### [Exercise aim]
All records below are to be duplicated exactly, with every picture excluded.

*** Opening Raw data ***

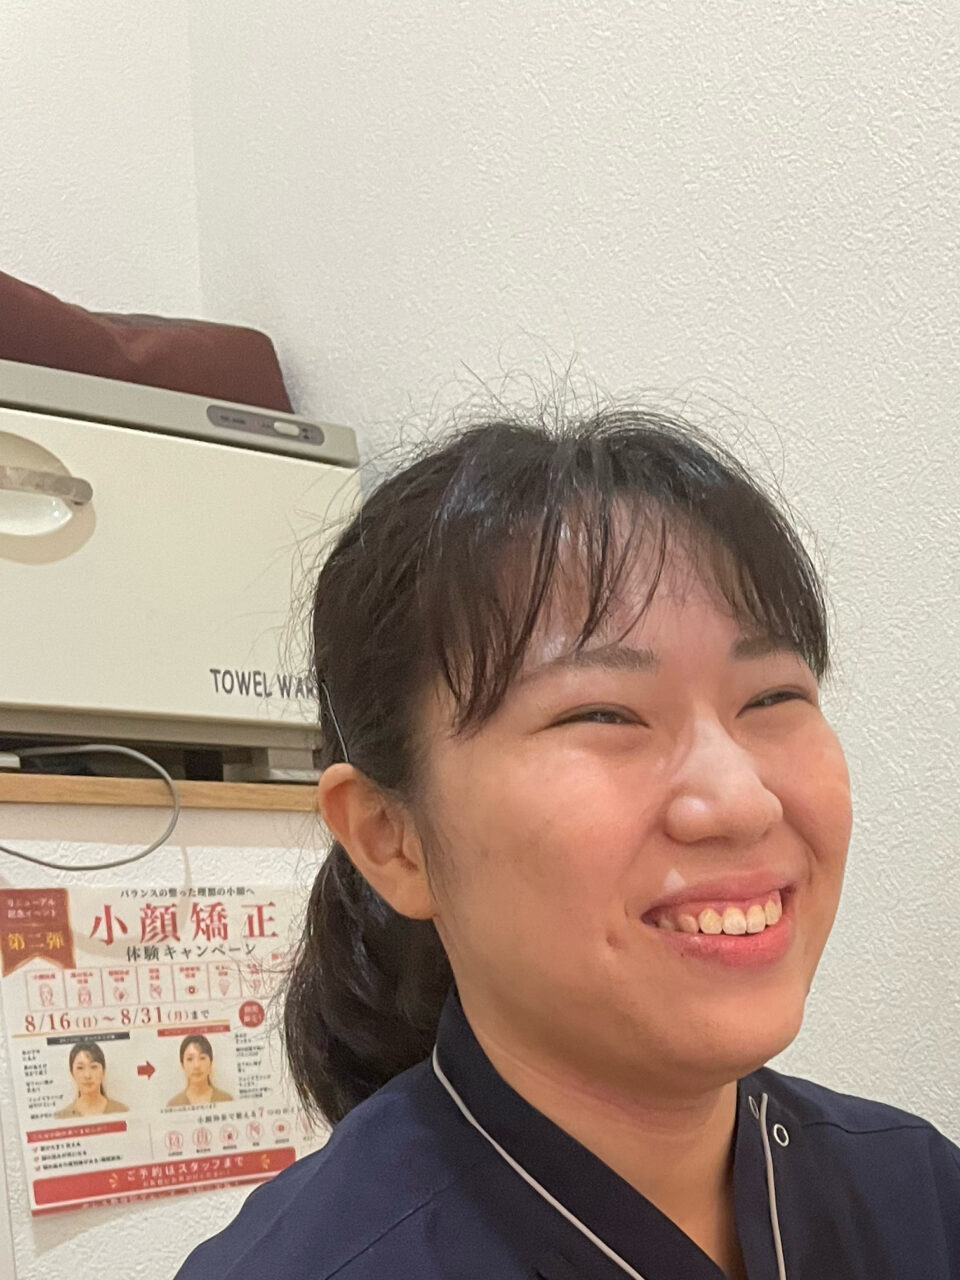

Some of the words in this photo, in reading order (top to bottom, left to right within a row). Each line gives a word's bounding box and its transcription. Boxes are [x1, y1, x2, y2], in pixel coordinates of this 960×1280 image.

[210, 669, 272, 698] TOWEL
[89, 901, 279, 946] 小顔矯正
[126, 943, 256, 962] 体験キャンペーン
[127, 1156, 244, 1182] ご予約はスタッフまで

*** Closing Raw data ***

### [Response area]
Some of the words in this photo, in reading order (top to bottom, left to right within a row). Each line gives a word's bounding box and its transcription. Boxes are [x1, y1, x2, y2], in pixel coordinates of this 960×1280 image.

[210, 669, 272, 698] TOWEL
[89, 901, 279, 946] 小顔矯正
[126, 943, 256, 962] 体験キャンペーン
[127, 1156, 244, 1182] ご予約はスタッフまで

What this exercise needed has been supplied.